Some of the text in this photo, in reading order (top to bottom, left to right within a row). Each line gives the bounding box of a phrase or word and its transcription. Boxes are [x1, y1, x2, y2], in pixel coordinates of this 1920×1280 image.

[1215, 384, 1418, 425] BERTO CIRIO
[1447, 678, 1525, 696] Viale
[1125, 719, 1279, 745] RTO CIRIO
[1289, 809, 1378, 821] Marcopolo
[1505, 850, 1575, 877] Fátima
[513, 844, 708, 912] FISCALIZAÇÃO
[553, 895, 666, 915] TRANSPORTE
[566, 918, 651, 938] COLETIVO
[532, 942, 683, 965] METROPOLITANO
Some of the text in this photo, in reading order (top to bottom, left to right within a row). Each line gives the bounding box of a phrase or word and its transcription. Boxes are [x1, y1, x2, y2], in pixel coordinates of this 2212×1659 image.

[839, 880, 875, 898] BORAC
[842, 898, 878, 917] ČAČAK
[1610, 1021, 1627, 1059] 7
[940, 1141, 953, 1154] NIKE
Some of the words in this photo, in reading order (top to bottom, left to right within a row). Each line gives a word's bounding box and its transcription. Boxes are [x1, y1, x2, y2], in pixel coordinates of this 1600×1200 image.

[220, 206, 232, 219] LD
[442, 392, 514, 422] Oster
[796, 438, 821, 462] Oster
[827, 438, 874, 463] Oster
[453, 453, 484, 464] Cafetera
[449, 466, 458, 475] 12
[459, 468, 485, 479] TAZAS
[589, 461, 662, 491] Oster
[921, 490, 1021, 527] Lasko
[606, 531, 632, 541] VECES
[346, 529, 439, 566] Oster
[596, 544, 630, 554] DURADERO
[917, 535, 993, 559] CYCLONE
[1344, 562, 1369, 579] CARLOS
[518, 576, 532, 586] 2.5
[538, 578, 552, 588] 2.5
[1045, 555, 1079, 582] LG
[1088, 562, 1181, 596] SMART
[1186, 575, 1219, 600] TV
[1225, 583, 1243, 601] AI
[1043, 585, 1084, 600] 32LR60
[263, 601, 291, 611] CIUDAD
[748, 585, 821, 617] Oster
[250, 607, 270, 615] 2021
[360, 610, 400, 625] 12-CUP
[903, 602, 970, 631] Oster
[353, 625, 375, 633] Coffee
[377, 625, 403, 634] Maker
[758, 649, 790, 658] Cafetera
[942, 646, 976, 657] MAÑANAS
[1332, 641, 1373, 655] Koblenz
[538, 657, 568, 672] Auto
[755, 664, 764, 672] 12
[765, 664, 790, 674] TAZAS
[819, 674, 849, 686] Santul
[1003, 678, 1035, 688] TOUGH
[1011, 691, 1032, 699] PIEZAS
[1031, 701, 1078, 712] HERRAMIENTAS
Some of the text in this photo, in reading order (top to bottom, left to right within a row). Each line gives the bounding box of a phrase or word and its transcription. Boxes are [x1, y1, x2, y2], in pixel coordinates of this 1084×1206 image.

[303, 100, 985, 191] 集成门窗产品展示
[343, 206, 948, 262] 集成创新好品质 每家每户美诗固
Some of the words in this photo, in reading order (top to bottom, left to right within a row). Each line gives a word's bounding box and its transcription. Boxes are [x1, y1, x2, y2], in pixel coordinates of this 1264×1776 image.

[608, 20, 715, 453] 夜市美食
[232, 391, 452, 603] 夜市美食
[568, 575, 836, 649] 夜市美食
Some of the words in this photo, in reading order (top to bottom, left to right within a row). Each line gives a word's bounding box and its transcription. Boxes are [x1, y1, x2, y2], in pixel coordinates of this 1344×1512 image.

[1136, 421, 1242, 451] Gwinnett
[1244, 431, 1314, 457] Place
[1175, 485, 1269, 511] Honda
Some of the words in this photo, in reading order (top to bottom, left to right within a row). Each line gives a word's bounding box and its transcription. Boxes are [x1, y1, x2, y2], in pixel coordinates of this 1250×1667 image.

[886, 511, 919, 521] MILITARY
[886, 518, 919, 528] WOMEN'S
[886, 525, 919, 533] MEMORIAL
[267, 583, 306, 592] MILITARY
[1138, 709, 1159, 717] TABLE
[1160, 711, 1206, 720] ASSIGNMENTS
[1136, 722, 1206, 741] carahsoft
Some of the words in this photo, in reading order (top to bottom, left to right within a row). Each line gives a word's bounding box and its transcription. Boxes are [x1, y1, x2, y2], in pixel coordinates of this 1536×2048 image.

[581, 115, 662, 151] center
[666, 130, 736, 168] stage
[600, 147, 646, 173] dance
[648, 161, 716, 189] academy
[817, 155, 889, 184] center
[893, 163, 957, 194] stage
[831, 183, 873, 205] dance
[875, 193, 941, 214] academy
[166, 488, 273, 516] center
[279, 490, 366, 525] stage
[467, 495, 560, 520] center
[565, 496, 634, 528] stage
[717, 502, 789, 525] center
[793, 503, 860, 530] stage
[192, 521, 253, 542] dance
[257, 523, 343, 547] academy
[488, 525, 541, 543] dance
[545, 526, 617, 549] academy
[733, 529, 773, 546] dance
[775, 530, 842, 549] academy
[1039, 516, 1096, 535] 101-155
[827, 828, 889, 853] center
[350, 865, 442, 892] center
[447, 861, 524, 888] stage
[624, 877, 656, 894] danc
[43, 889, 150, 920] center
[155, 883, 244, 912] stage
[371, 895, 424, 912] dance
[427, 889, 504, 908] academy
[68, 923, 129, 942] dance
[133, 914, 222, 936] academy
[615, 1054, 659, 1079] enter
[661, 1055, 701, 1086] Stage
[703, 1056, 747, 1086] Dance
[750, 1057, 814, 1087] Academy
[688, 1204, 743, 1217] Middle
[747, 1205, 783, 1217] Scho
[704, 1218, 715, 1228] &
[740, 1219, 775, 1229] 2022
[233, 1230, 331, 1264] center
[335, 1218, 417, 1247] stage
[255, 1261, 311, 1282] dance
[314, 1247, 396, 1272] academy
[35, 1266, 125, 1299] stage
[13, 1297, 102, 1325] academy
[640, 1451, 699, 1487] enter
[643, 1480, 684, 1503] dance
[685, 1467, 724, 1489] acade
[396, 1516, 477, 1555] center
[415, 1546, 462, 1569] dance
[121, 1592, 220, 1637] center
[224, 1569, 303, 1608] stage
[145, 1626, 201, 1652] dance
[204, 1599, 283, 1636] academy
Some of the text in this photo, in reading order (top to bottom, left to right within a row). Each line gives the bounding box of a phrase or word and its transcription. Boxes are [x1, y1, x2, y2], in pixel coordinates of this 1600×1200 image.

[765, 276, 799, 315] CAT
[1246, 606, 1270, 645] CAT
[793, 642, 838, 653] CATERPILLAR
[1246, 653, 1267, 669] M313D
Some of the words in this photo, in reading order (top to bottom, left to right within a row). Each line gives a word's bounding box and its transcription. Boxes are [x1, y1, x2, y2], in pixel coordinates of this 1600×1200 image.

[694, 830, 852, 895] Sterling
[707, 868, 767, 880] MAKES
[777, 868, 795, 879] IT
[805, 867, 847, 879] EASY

———

What to do: The entire listing must be repeated without a single change.

Answer to the exercise:
Some of the text in this photo, in reading order (top to bottom, left to right within a row). Each line gives the bounding box of a phrase or word and its transcription. Boxes are [x1, y1, x2, y2], in pixel coordinates of this 1920×1280 image.

[1215, 384, 1418, 425] BERTO CIRIO
[1447, 678, 1525, 696] Viale
[1125, 719, 1279, 745] RTO CIRIO
[1289, 809, 1378, 821] Marcopolo
[1505, 850, 1575, 877] Fátima
[513, 844, 708, 912] FISCALIZAÇÃO
[553, 895, 666, 915] TRANSPORTE
[566, 918, 651, 938] COLETIVO
[532, 942, 683, 965] METROPOLITANO
Some of the text in this photo, in reading order (top to bottom, left to right within a row). Each line gives the bounding box of a phrase or word and its transcription. Boxes are [x1, y1, x2, y2], in pixel coordinates of this 2212×1659 image.

[839, 880, 875, 898] BORAC
[842, 898, 878, 917] ČAČAK
[1610, 1021, 1627, 1059] 7
[940, 1141, 953, 1154] NIKE
Some of the words in this photo, in reading order (top to bottom, left to right within a row). Each line gives a word's bounding box and its transcription. Boxes are [x1, y1, x2, y2], in pixel coordinates of this 1600×1200 image.

[220, 206, 232, 219] LD
[442, 392, 514, 422] Oster
[796, 438, 821, 462] Oster
[827, 438, 874, 463] Oster
[453, 453, 484, 464] Cafetera
[449, 466, 458, 475] 12
[459, 468, 485, 479] TAZAS
[589, 461, 662, 491] Oster
[921, 490, 1021, 527] Lasko
[606, 531, 632, 541] VECES
[346, 529, 439, 566] Oster
[596, 544, 630, 554] DURADERO
[917, 535, 993, 559] CYCLONE
[1344, 562, 1369, 579] CARLOS
[518, 576, 532, 586] 2.5
[538, 578, 552, 588] 2.5
[1045, 555, 1079, 582] LG
[1088, 562, 1181, 596] SMART
[1186, 575, 1219, 600] TV
[1225, 583, 1243, 601] AI
[1043, 585, 1084, 600] 32LR60
[263, 601, 291, 611] CIUDAD
[748, 585, 821, 617] Oster
[250, 607, 270, 615] 2021
[360, 610, 400, 625] 12-CUP
[903, 602, 970, 631] Oster
[353, 625, 375, 633] Coffee
[377, 625, 403, 634] Maker
[758, 649, 790, 658] Cafetera
[942, 646, 976, 657] MAÑANAS
[1332, 641, 1373, 655] Koblenz
[538, 657, 568, 672] Auto
[755, 664, 764, 672] 12
[765, 664, 790, 674] TAZAS
[819, 674, 849, 686] Santul
[1003, 678, 1035, 688] TOUGH
[1011, 691, 1032, 699] PIEZAS
[1031, 701, 1078, 712] HERRAMIENTAS
Some of the text in this photo, in reading order (top to bottom, left to right within a row). Each line gives the bounding box of a phrase or word and its transcription. Boxes are [x1, y1, x2, y2], in pixel coordinates of this 1084×1206 image.

[303, 100, 985, 191] 集成门窗产品展示
[343, 206, 948, 262] 集成创新好品质 每家每户美诗固
Some of the words in this photo, in reading order (top to bottom, left to right within a row). Each line gives a word's bounding box and its transcription. Boxes are [x1, y1, x2, y2], in pixel coordinates of this 1264×1776 image.

[608, 20, 715, 453] 夜市美食
[232, 391, 452, 603] 夜市美食
[568, 575, 836, 649] 夜市美食
Some of the words in this photo, in reading order (top to bottom, left to right within a row). Each line gives a word's bounding box and its transcription. Boxes are [x1, y1, x2, y2], in pixel coordinates of this 1344×1512 image.

[1136, 421, 1242, 451] Gwinnett
[1244, 431, 1314, 457] Place
[1175, 485, 1269, 511] Honda
Some of the words in this photo, in reading order (top to bottom, left to right within a row). Each line gives a word's bounding box and its transcription. Boxes are [x1, y1, x2, y2], in pixel coordinates of this 1250×1667 image.

[886, 511, 919, 521] MILITARY
[886, 518, 919, 528] WOMEN'S
[886, 525, 919, 533] MEMORIAL
[267, 583, 306, 592] MILITARY
[1138, 709, 1159, 717] TABLE
[1160, 711, 1206, 720] ASSIGNMENTS
[1136, 722, 1206, 741] carahsoft
Some of the words in this photo, in reading order (top to bottom, left to right within a row). Each line gives a word's bounding box and its transcription. Boxes are [x1, y1, x2, y2], in pixel coordinates of this 1536×2048 image.

[581, 115, 662, 151] center
[666, 130, 736, 168] stage
[600, 147, 646, 173] dance
[648, 161, 716, 189] academy
[817, 155, 889, 184] center
[893, 163, 957, 194] stage
[831, 183, 873, 205] dance
[875, 193, 941, 214] academy
[166, 488, 273, 516] center
[279, 490, 366, 525] stage
[467, 495, 560, 520] center
[565, 496, 634, 528] stage
[717, 502, 789, 525] center
[793, 503, 860, 530] stage
[192, 521, 253, 542] dance
[257, 523, 343, 547] academy
[488, 525, 541, 543] dance
[545, 526, 617, 549] academy
[733, 529, 773, 546] dance
[775, 530, 842, 549] academy
[1039, 516, 1096, 535] 101-155
[827, 828, 889, 853] center
[350, 865, 442, 892] center
[447, 861, 524, 888] stage
[624, 877, 656, 894] danc
[43, 889, 150, 920] center
[155, 883, 244, 912] stage
[371, 895, 424, 912] dance
[427, 889, 504, 908] academy
[68, 923, 129, 942] dance
[133, 914, 222, 936] academy
[615, 1054, 659, 1079] enter
[661, 1055, 701, 1086] Stage
[703, 1056, 747, 1086] Dance
[750, 1057, 814, 1087] Academy
[688, 1204, 743, 1217] Middle
[747, 1205, 783, 1217] Scho
[704, 1218, 715, 1228] &
[740, 1219, 775, 1229] 2022
[233, 1230, 331, 1264] center
[335, 1218, 417, 1247] stage
[255, 1261, 311, 1282] dance
[314, 1247, 396, 1272] academy
[35, 1266, 125, 1299] stage
[13, 1297, 102, 1325] academy
[640, 1451, 699, 1487] enter
[643, 1480, 684, 1503] dance
[685, 1467, 724, 1489] acade
[396, 1516, 477, 1555] center
[415, 1546, 462, 1569] dance
[121, 1592, 220, 1637] center
[224, 1569, 303, 1608] stage
[145, 1626, 201, 1652] dance
[204, 1599, 283, 1636] academy
Some of the text in this photo, in reading order (top to bottom, left to right within a row). Each line gives the bounding box of a phrase or word and its transcription. Boxes are [x1, y1, x2, y2], in pixel coordinates of this 1600×1200 image.

[765, 276, 799, 315] CAT
[1246, 606, 1270, 645] CAT
[793, 642, 838, 653] CATERPILLAR
[1246, 653, 1267, 669] M313D
Some of the words in this photo, in reading order (top to bottom, left to right within a row). Each line gives a word's bounding box and its transcription. Boxes are [x1, y1, x2, y2], in pixel coordinates of this 1600×1200 image.

[694, 830, 852, 895] Sterling
[707, 868, 767, 880] MAKES
[777, 868, 795, 879] IT
[805, 867, 847, 879] EASY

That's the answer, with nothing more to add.